Amlodipine occupies the plasma membrane dihydropyridine receptor and causes competitive
blockade of the voltage- operated slow calcium channel. Candesartan2 (CDS), 1-
[[(cyclohexyloxy) carbonyl]oxy]ethyl 2-ethoxy-1-[[2'-(1H-tetrazol-5-yl)[1,1'-biphenyl]-4-
yl]methyl]-1H-benzimidazole-7-carboxylate is an angiotensin II receptor antagonist, selective
for AT1 receptors, with tight binding to and slow dissociation from the receptor. The
literature survey reveals that, there have been several publications describing analytical
methods for the determination of AML3-10 and CDS11-18 individually or with other drugs as
combination. Based on literature review the present work aims to develop and validate
simple, fast, accurate and specific reversed phase high performance liquid chromatographic
method for simultaneous determination of AML and CDS in pure drugs and tablet
formulation.
MATERIALS AND METHODS
Instrumentation
Waters 2695 HPLC system equipped with Phenomenex luna, C18, 150 × 4.6 mm, 5µm,
column, Rheodyne injector with 10 µL loop, 2996 PDA detector and Empower-2 software
was used.
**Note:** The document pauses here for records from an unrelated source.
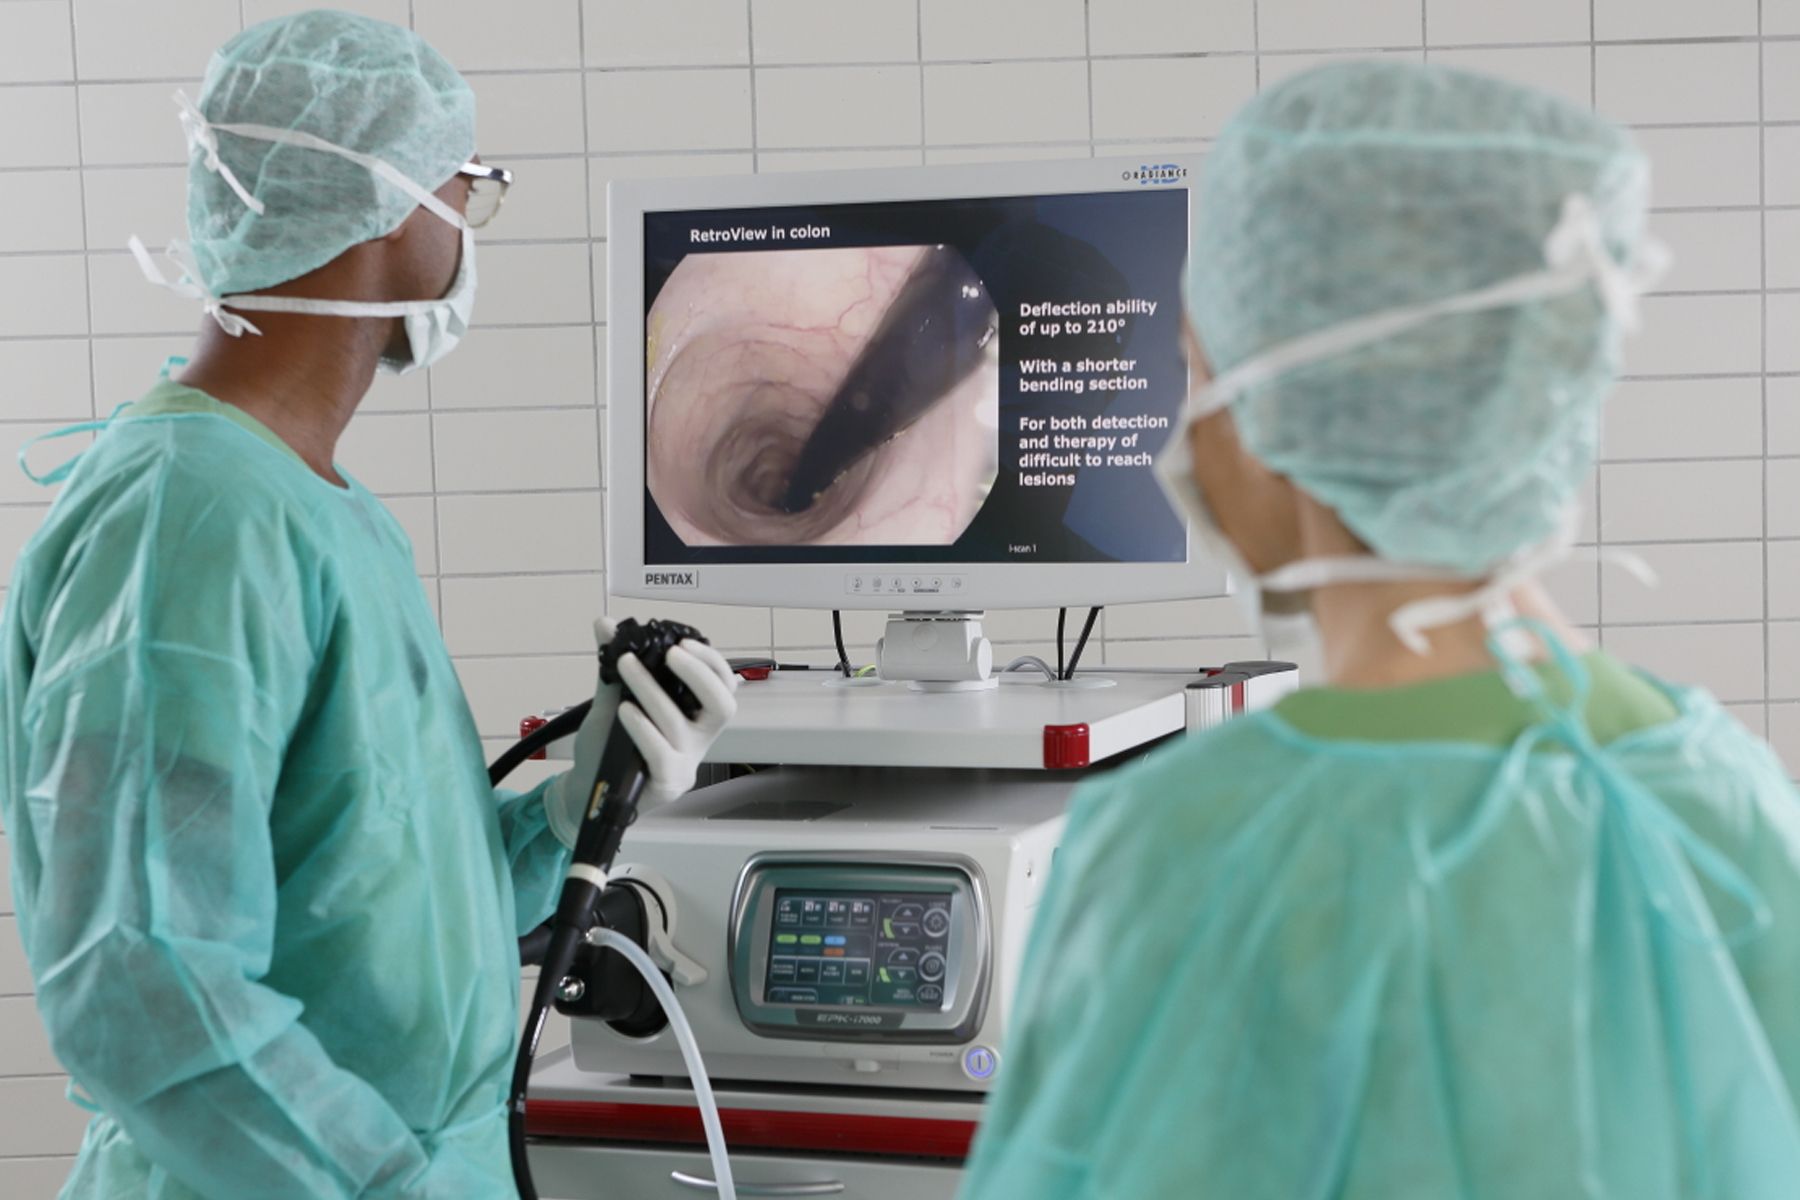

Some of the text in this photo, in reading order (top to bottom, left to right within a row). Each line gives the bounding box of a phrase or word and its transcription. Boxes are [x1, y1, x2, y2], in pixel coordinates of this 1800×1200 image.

[690, 224, 830, 242] RetroView in colon
[1020, 299, 1157, 317] Deflection ability
[1019, 321, 1036, 335] of
[1040, 323, 1061, 338] up
[1065, 321, 1082, 334] to
[1019, 358, 1137, 374] With a shorter
[1019, 376, 1148, 394] bending section
[1019, 414, 1168, 431] For both detection
[1019, 433, 1139, 451] and therapy of
[1018, 452, 1152, 468] difficult to reach
[1019, 472, 1076, 486] lesions
[645, 572, 693, 585] PENTAX
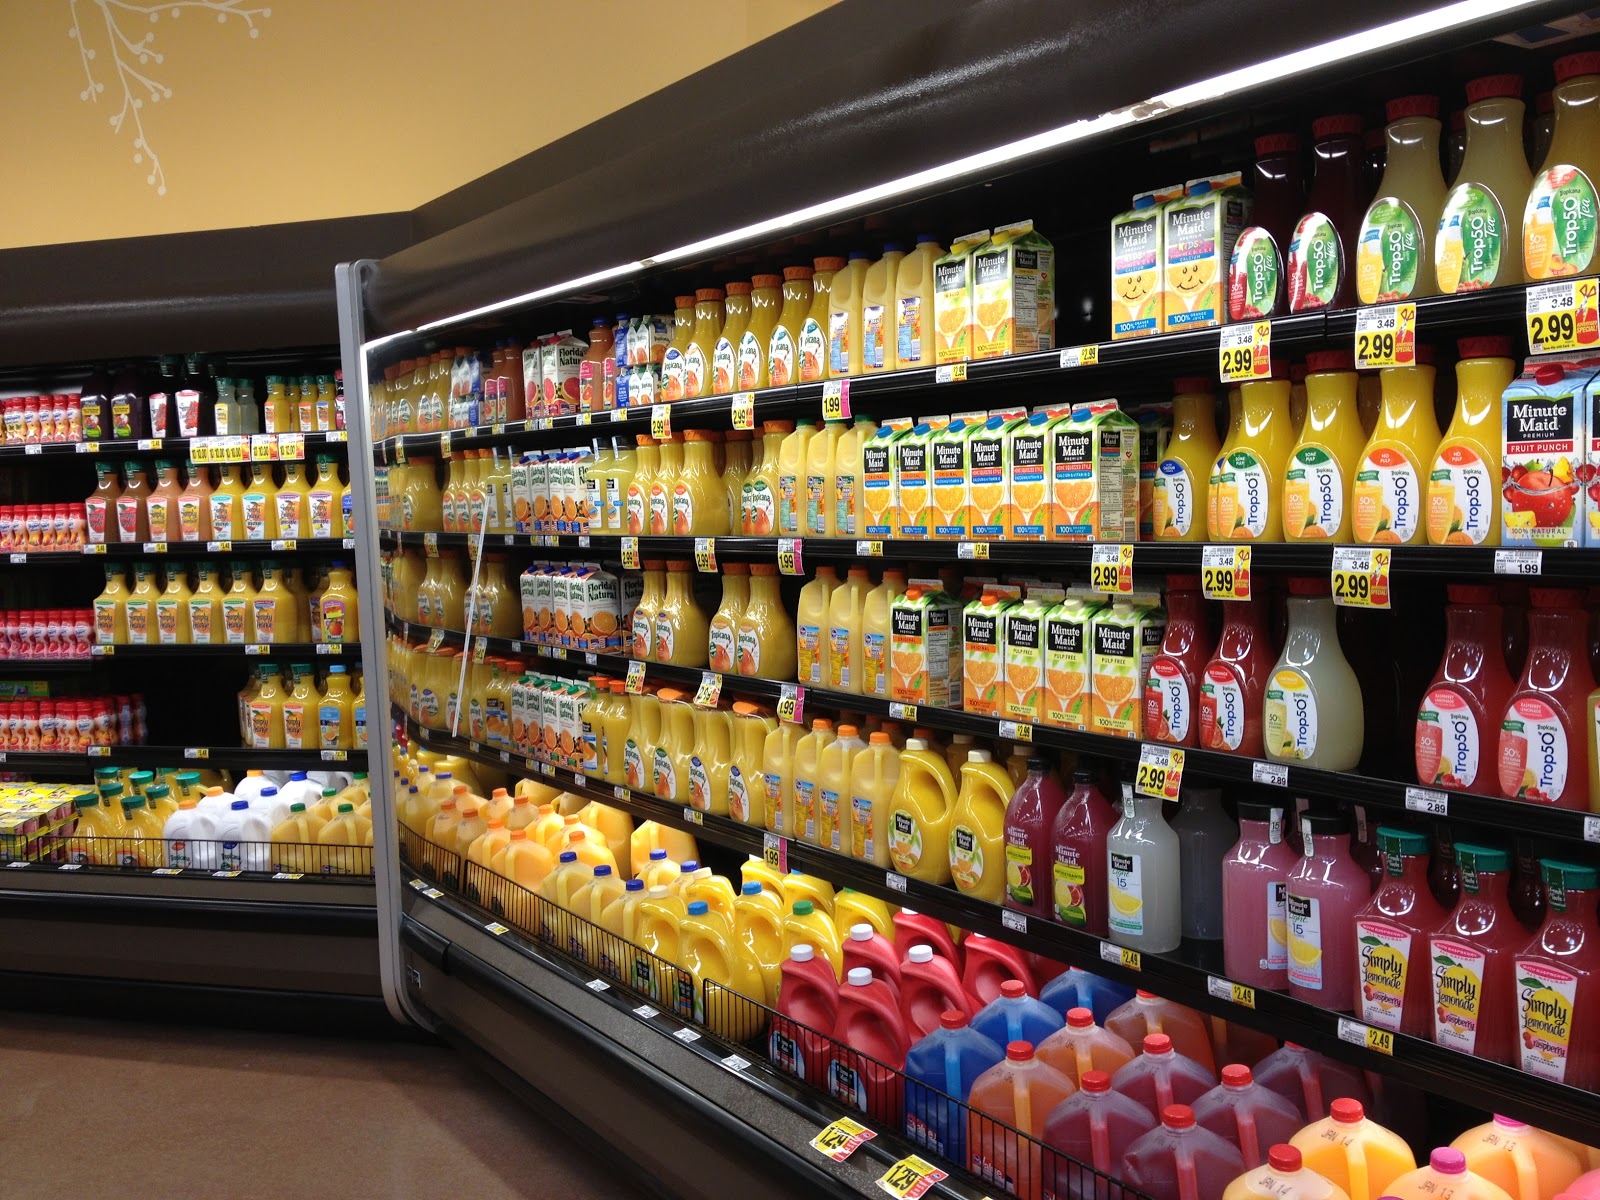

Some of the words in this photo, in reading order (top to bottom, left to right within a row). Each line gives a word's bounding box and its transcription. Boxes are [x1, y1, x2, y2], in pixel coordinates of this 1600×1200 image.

[1579, 198, 1594, 219] Tea
[1172, 211, 1210, 225] Minute
[1118, 223, 1152, 238] Minute
[1177, 224, 1205, 236] Maid
[1485, 217, 1498, 237] Tea
[1563, 197, 1578, 257] Trop50
[1122, 235, 1147, 247] Maid
[1179, 241, 1198, 251] KIDS
[1403, 231, 1415, 250] Tea
[1471, 216, 1483, 274] Trop50
[977, 256, 1005, 269] Minute
[1264, 255, 1273, 271] Tea
[1390, 230, 1401, 285] Trop50
[938, 264, 963, 277] Minute
[1313, 239, 1324, 291] Trop50
[981, 266, 1001, 278] Maid
[1253, 254, 1263, 300] Trop50
[940, 274, 959, 285] Maid
[1552, 297, 1572, 308] 3.48
[1377, 320, 1395, 328] 3.48
[1532, 313, 1573, 344] 2.99
[1577, 325, 1597, 333] SPECIAL!
[1237, 335, 1252, 344] 3.48
[1358, 334, 1394, 360] 2.99
[559, 356, 581, 366] Natur
[1222, 350, 1252, 373] 2.99
[824, 398, 839, 413] 1.99
[1513, 404, 1567, 419] Minute
[733, 410, 745, 424] 2.99
[653, 421, 664, 434] 2.99
[1519, 418, 1559, 432] Maid
[1058, 435, 1090, 448] Minute
[1102, 432, 1120, 440] Minute
[936, 445, 961, 457] Minute
[973, 443, 999, 455] Minute
[1015, 439, 1042, 452] Minute
[1062, 446, 1086, 457] Maid
[1537, 443, 1568, 451] PUNCH
[865, 450, 887, 460] Minute
[902, 447, 923, 458] Minute
[976, 452, 996, 463] Maid
[1018, 449, 1038, 460] Maid
[868, 458, 884, 468] Maid
[904, 456, 921, 466] Maid
[939, 454, 958, 465] Maid
[1175, 483, 1185, 525] Trop50
[1247, 478, 1260, 525] Trop50
[1321, 474, 1333, 523] Trop50
[1395, 477, 1409, 528] Trop50
[1467, 476, 1481, 530] Trop50
[1059, 525, 1073, 533] 100%
[696, 553, 709, 567] 2.99
[780, 553, 794, 569] 1.99
[1352, 561, 1369, 570] 3.48
[1518, 564, 1539, 574] 1.99
[1094, 566, 1118, 586] 2.99
[1205, 570, 1233, 591] 2.99
[588, 581, 616, 590] Florida's
[1335, 575, 1368, 599] 2.99
[588, 590, 616, 602] Natural
[895, 611, 919, 622] Minute
[967, 617, 993, 629] Minute
[898, 620, 916, 631] Maid
[1011, 620, 1036, 633] Minute
[1051, 623, 1080, 637] Minute
[971, 627, 989, 638] Maid
[1014, 630, 1032, 641] Maid
[1098, 626, 1131, 640] Minute
[1054, 634, 1075, 646] Maid
[1102, 637, 1126, 649] Maid
[780, 700, 794, 715] 1.99
[1148, 700, 1158, 708] 50%
[1172, 687, 1181, 731] Trop50
[1520, 706, 1541, 714] LEMONADE
[1052, 711, 1064, 719] 100%
[1225, 692, 1235, 738] Trop50
[1269, 714, 1281, 722] 50%
[1297, 699, 1309, 746] Trop50
[1537, 724, 1557, 732] Tropicana
[1421, 737, 1436, 746] 50%
[1455, 722, 1469, 773] Trop50
[1504, 748, 1520, 757] 50%
[1155, 757, 1169, 766] 3.48
[1540, 733, 1557, 787] Trop50
[1139, 767, 1165, 791] 2.99
[1271, 776, 1286, 785] 2.89
[1427, 803, 1446, 813] 2.89
[896, 816, 911, 824] Minute
[898, 822, 908, 830] Maid
[1007, 827, 1028, 839] Minute
[1010, 837, 1025, 846] Maid
[765, 850, 779, 866] 1.99
[1055, 846, 1080, 858] Minute
[1058, 856, 1076, 865] Maid
[1112, 856, 1131, 865] Minute
[1114, 862, 1128, 870] Maid
[1116, 877, 1127, 887] 15
[1290, 905, 1305, 914] Maid
[1014, 923, 1026, 932] 2.79
[1293, 923, 1303, 934] 15
[1123, 950, 1138, 965] $2.49
[1362, 946, 1403, 977] Simply
[1362, 967, 1401, 990] Lemonade
[1435, 965, 1476, 1000] Simply
[1234, 985, 1252, 1003] $2.49
[1373, 991, 1401, 1008] raspberry
[1435, 989, 1476, 1014] Lemonade
[1521, 988, 1568, 1025] Simply
[1446, 1014, 1476, 1031] raspberry
[1521, 1012, 1566, 1038] Lemonade
[1369, 1030, 1390, 1049] $2.49
[1533, 1038, 1565, 1058] raspberry
[819, 1126, 849, 1150] 1.29
[1321, 1129, 1338, 1141] JAN
[1341, 1136, 1354, 1147] 14
[1483, 1134, 1500, 1146] JAN
[1503, 1141, 1516, 1152] 13
[886, 1164, 920, 1191] 1.29
[1259, 1177, 1276, 1190] JAN
[1277, 1184, 1293, 1195] 14
[1418, 1180, 1438, 1194] JAN
[1440, 1187, 1454, 1200] 13
The pH meter and sonicator and filtration unit also used for the filtrating the
solutions.
Materials
Acetonitrile, methanol and water were of HPLC grade and were purchased from s.d fine-
chem Limited, Mumbai, India. Orthophosphoric acid was of analytical-reagent grade and
purchased from Thermo fisher Scientific india pvt.Ltd, Mumbai, India. Tablets for the study
were purchased from pharmacy. Each tablet was labeled to contain 8 mg CDS and 5mg of
AML.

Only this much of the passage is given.